OpenAI has begun rolling out a year-end recap feature inside ChatGPT, giving users a summary of how they used the service throughout 2025.
The feature, called “Your Year with ChatGPT,” is now available in the United States, United Kingdom, Canada, Australia and New Zealand.
It is open to users on Free, Plus and Pro plans, but not to those on Team, Enterprise or Education accounts.
Rather than a long archive of chats, the recap focuses on patterns. It pulls out broad themes from conversations, basic usage numbers, and light-hearted labels that show how people interacted with the chatbot during the year.
Some users are assigned named archetypes and awards based on whether they leaned more towards research, problem-solving, or creative work. The experience also includes short poems and images tied to recurring topics.
This looks like OpenAI borrowing a familiar playbook. The format resembles Spotify’s annual Wrapped feature, which turns user data into a shareable and playful summary. In this case, the aim appears to be making ChatGPT feel less like a tool and more like a personal product people return to often.

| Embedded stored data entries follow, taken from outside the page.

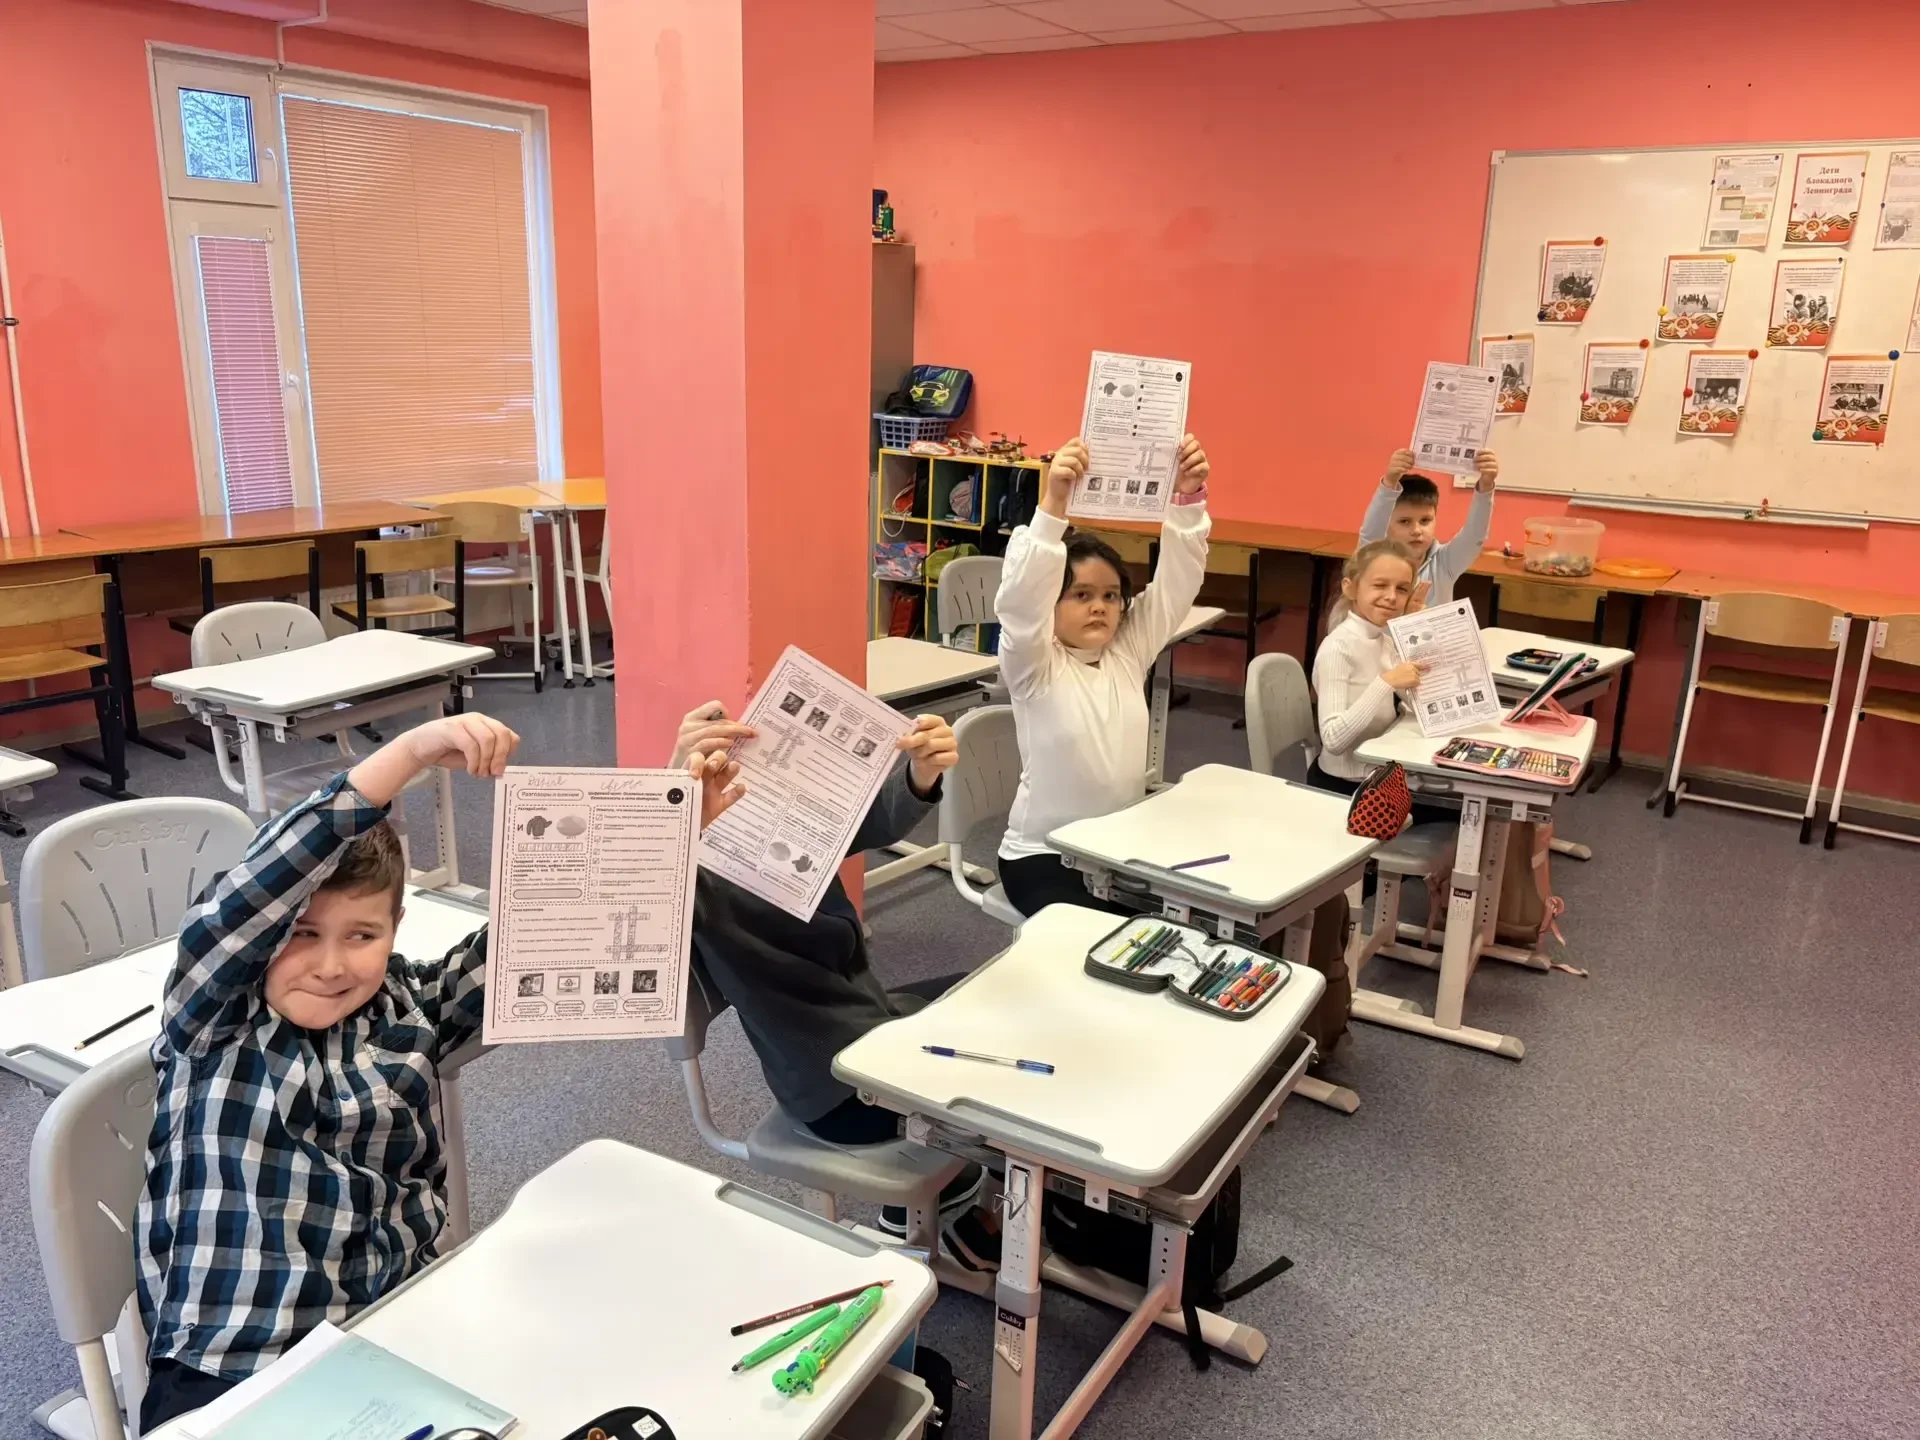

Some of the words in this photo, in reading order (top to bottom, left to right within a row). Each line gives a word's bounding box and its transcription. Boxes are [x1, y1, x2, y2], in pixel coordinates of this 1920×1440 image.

[1819, 167, 1840, 175] Дети
[1803, 187, 1852, 195] Ленинграда
[517, 823, 524, 832] И
[91, 817, 190, 851] Cubby
[1000, 1312, 1023, 1328] Cubby

Access is not automatic. Users must have memory and chat history switched on and must have met a minimum activity level during the year. Those with limited use will only see basic statistics, not the full experience.
OpenAI says the recap is optional and designed to be privacy-forward, with users able to turn off the underlying settings at any time.
The feature is being promoted inside the ChatGPT app but does not open by itself. Users can view it on the web version or on the iOS and Android apps, or trigger it by directly asking for their year-end summary.
Personalised recaps have become a proven way to boost engagement, and competing platforms are experimenting with similar ideas.
OpenAI is focusing more on habit-building and productivity, keeping ChatGPT present in everyday digital life, even after the work is done.